Unter dem Laken ihres Krankenbettes hat Herbjörg María Björnson ihren größten Schatz versteckt. Ein Geschenk ihres Hitler-begeisterten Vaters: eine Handgranate.

Ein Kruppstahl-Ei der Freiheit für die 80-Jährige, eine Erinnerung an ihr gefährliches, unbehütetes Leben im 20. Jahrhundert. Jetzt ist ihr nur noch der Wunsch geblieben, sich als Feuerball von der Welt zu verabschieden. Keine Angst, die Granate bleibt ungezündet. Die alte Hexe hat sich bereits einen Termin im örtlichen Krematorium geben lassen, für den nächsten Montag: „Also wenn’s eng wird, komme ich einfach vorbei, und ihr schiebt mich lebend in den Ofen.“ Aber schön heiß soll es sein, mindestens 1000 Grad.

Die Alte hat es wirklich gegeben. Der isländische Schriftsteller Hallgrímur Helgason hat sie 2006 zufällig kennengelernt, als er seine damalige Frau, eine Stadträtin, mit Telefonanrufen im Wahlkampf unterstützte. Es ist alles, oder sagen wir: vieles, wahr. Ihr Vater hatte sich als Isländer der Waffen-SS angeschlossen, ihr Großvater war der erste Präsident Islands.

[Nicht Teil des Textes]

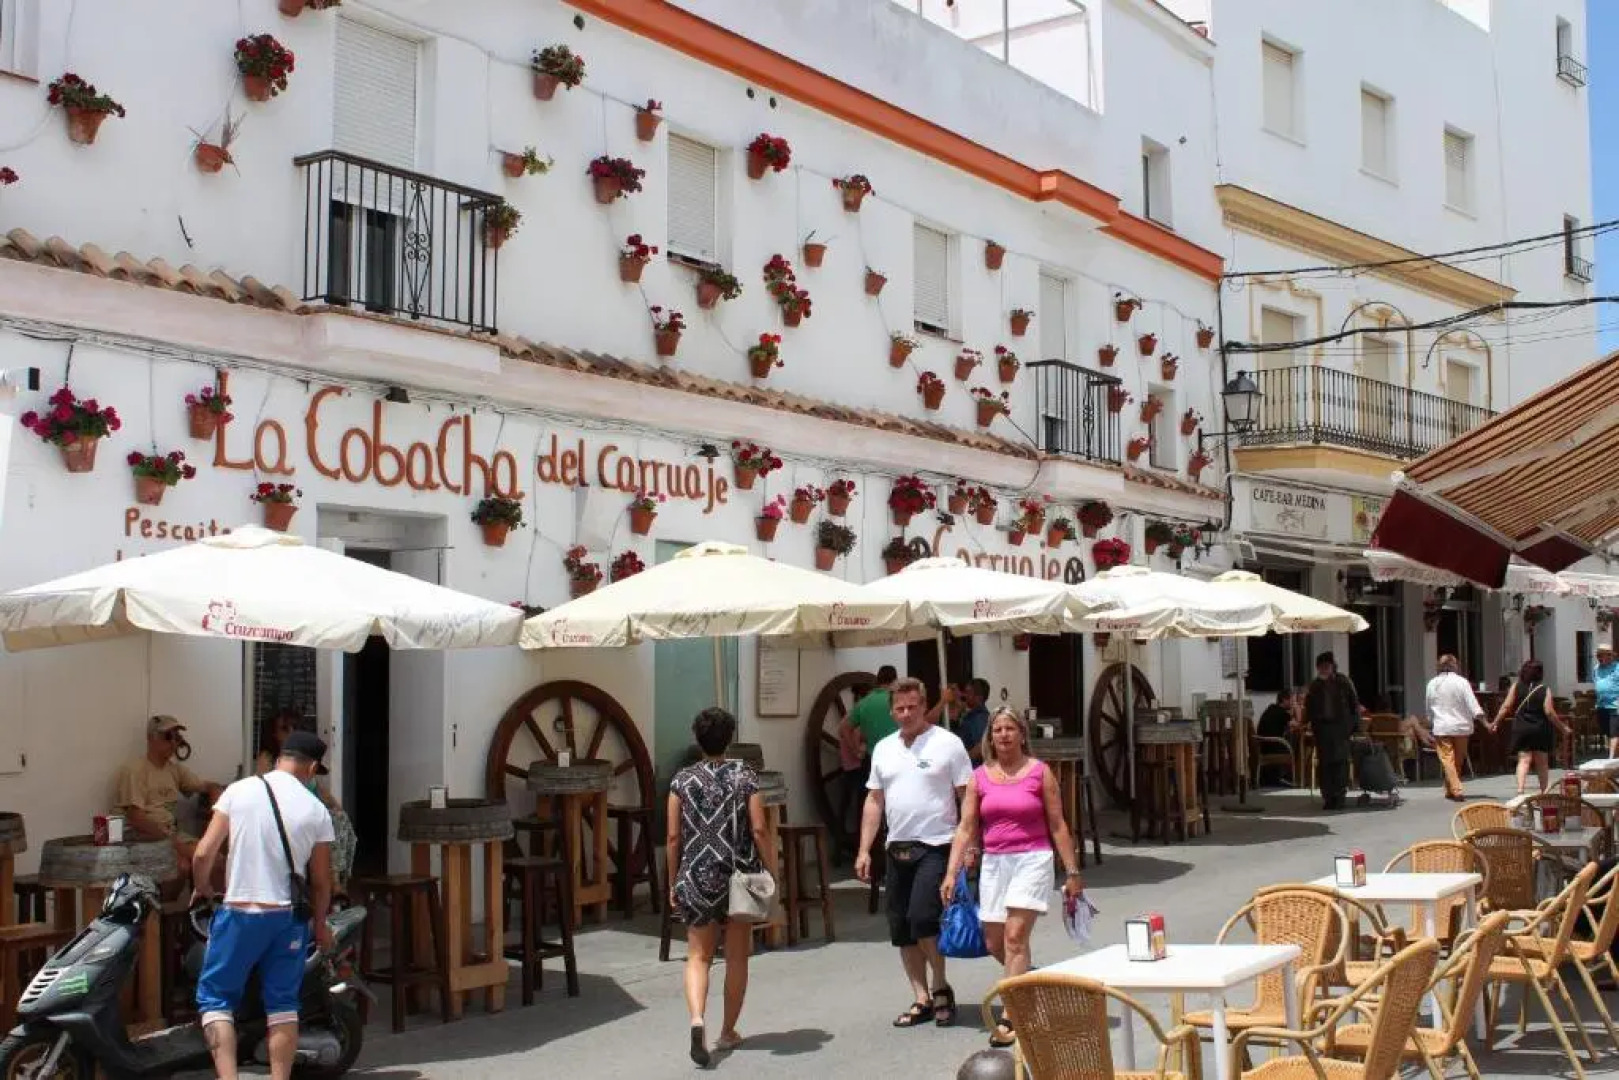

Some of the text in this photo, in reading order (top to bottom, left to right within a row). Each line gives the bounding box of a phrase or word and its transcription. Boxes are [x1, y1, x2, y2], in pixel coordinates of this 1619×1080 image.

Helgason verarbeitete ihr skandalöses, aber wenigstens selbstbestimmtes Leben in seinem Roman „Eine Frau bei 1000 Grad“. Den wiederum Karl-Ludwig Wetzig ins Deutsche übersetzt hat und der nun, von Gabriele Hänel adaptiert, von Moritz Sostmann auf der kleinen Bühne des Schauspiel Köln am Offenbachplatz erstmals in Szene gesetzt wurde. Als Solo für Magda Lena Schlott, welche die junge Pflegerin Lóa spielt, vor allem aber die von Hagen Tilp angefertigte Puppe, die als Herrscherin über ihre Erinnerungen auf einem zerwühlten Bett residiert.

Das könnte Sie auch interessieren:

Das sind viele künstlerische Umleitungen auf dem Weg zu einem gelebten Leben. Die sich sämtlich in dem Moment als Abkürzungen zum Herz der Dinge erweisen, in dem Magda Lena Schlott dieser holzköpfigen Herbjörg María Björnson ihr — ja wessen eigentlich? — Leben einhaucht.

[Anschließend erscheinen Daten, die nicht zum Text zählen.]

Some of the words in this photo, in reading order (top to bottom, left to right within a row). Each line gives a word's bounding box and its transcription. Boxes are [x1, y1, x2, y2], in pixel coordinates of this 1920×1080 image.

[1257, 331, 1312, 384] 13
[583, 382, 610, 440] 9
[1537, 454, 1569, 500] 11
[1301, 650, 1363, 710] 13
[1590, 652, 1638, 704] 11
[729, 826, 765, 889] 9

Ihre Pflegerin Lóa ist da nur noch Stichwortgeberin, die kettenrauchende Sterbende aber blüht umso greller auf. An der Bettlägerigen ist beinahe eine Stand-up-Comedienne verloren gegangen: In Südafrika, 1953, sinniert sie, da habe sie den Rassismus in sich wiedergefunden, von dem sie glaubte, sie habe ihn in Dänemark zurückgelassen. Prompt folgt die Pointe: „Wenn es zwei Völker gibt, die ich jemals gehasst habe, dann sind das die Buren und die Dänen.“ Nebenbei: Der multitalentierte Hallgrímur Helgason ist auch ein begnadeter Stand-up-Comedian, und das merkt man diesem monologisierenden Text denn auch an.

Der galoppiert durch das vergangene Jahrhundert, als gelte es, den Wildwuchs an Geschichte abzuschütteln, der sich in seinen Konzepten und Katastrophen angesammelt hat. Berichtet von der Geliebten des Großvaters, der Sängerin, die in London mit Freud und Canetti verkehrte, von einem Kuss, den die greise Erzählerin, hier als Fotografin in Hamburg, einem jungen John Lennon abgeluchst hat.

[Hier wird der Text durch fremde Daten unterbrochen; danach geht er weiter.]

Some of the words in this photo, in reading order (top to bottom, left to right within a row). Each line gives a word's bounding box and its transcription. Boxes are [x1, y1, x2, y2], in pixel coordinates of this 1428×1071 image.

Das ist alles höchst amüsant. Und hat trotzdem einige Passagen, in denen man sich wünscht, dass die Regie straffer durchgegriffen hätte. Letztlich hängt der nur gut einstündige Abend an der großen Puppenspielkunst von Magda Lena Schlott, neben der Alten stellt sie uns auch noch deren nicht weniger wehrhaftes mädchenhaftes Ich vor und umreißt noch einige andere Charaktere, Kasperletheater-artig hinter dem Kopfteil des Bettes.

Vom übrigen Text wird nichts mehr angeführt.